* _ABOUT THIS EXERCISE_:
Your answer must match the records word for word and contain no pictures.

========

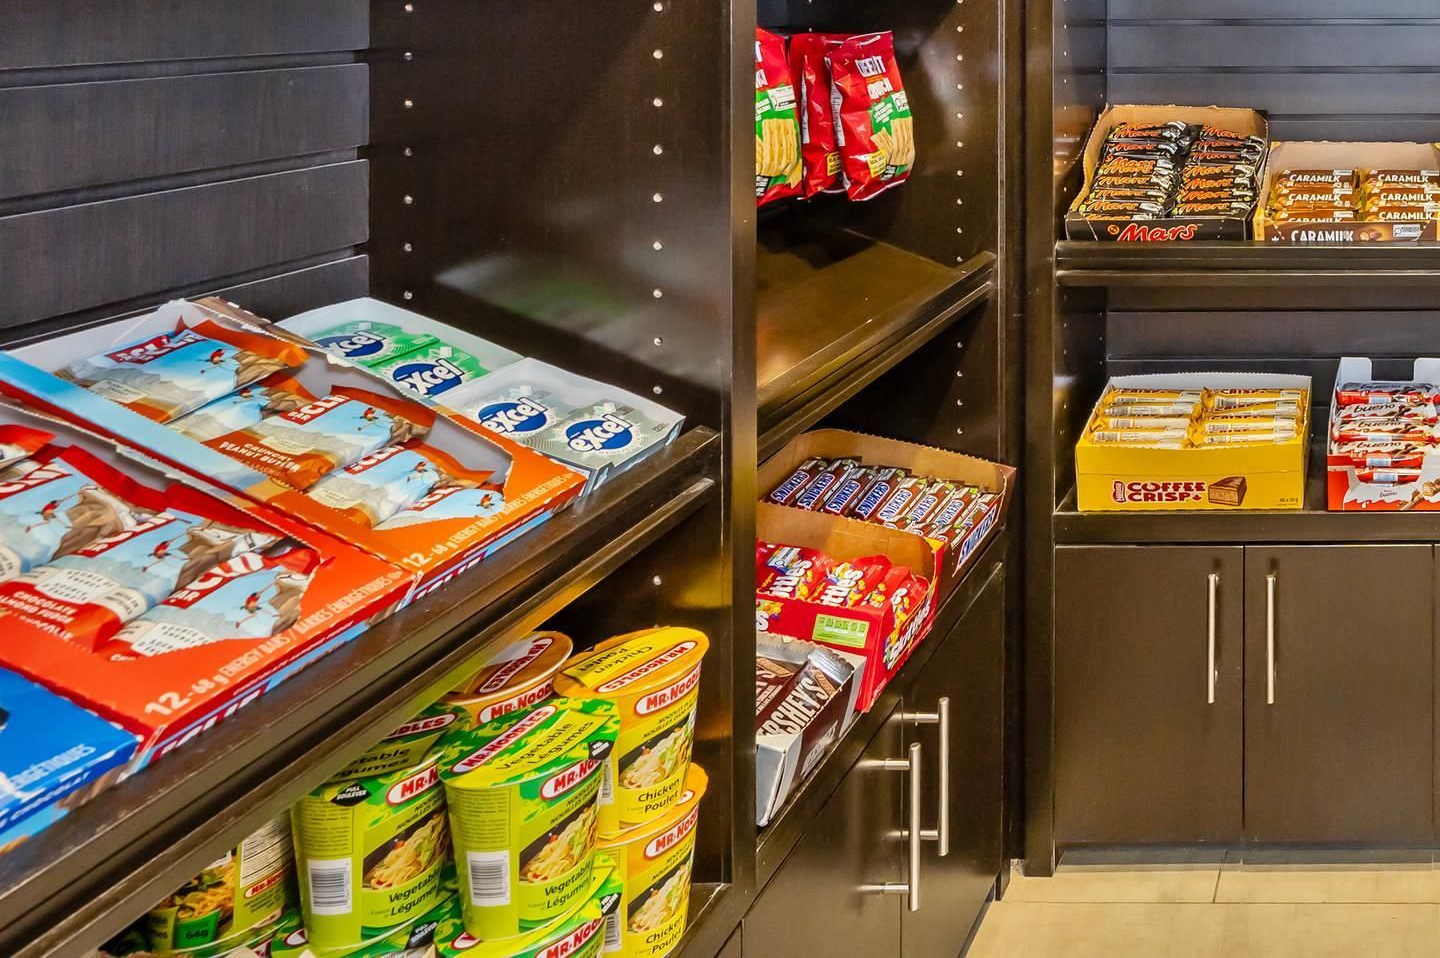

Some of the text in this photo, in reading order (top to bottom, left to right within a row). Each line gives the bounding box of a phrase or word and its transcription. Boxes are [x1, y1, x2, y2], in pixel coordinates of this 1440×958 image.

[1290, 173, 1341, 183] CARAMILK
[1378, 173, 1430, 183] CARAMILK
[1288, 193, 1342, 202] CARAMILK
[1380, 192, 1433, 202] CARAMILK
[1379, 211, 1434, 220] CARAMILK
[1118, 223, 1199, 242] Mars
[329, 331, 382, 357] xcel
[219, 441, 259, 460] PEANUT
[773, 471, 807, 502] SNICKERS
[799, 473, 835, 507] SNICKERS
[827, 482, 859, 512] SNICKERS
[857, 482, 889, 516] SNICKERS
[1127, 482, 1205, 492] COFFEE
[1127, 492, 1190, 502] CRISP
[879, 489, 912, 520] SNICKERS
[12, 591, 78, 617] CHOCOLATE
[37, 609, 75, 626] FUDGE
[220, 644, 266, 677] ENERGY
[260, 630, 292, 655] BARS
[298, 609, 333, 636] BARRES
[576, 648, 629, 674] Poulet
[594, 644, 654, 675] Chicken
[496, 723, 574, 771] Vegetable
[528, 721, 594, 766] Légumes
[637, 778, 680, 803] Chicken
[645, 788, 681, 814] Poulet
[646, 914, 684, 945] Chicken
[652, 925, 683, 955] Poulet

========

* _SOLVED PROBLEM_:
Some of the text in this photo, in reading order (top to bottom, left to right within a row). Each line gives the bounding box of a phrase or word and its transcription. Boxes are [x1, y1, x2, y2], in pixel coordinates of this 1440×958 image.

[1290, 173, 1341, 183] CARAMILK
[1378, 173, 1430, 183] CARAMILK
[1288, 193, 1342, 202] CARAMILK
[1380, 192, 1433, 202] CARAMILK
[1379, 211, 1434, 220] CARAMILK
[1118, 223, 1199, 242] Mars
[329, 331, 382, 357] xcel
[219, 441, 259, 460] PEANUT
[773, 471, 807, 502] SNICKERS
[799, 473, 835, 507] SNICKERS
[827, 482, 859, 512] SNICKERS
[857, 482, 889, 516] SNICKERS
[1127, 482, 1205, 492] COFFEE
[1127, 492, 1190, 502] CRISP
[879, 489, 912, 520] SNICKERS
[12, 591, 78, 617] CHOCOLATE
[37, 609, 75, 626] FUDGE
[220, 644, 266, 677] ENERGY
[260, 630, 292, 655] BARS
[298, 609, 333, 636] BARRES
[576, 648, 629, 674] Poulet
[594, 644, 654, 675] Chicken
[496, 723, 574, 771] Vegetable
[528, 721, 594, 766] Légumes
[637, 778, 680, 803] Chicken
[645, 788, 681, 814] Poulet
[646, 914, 684, 945] Chicken
[652, 925, 683, 955] Poulet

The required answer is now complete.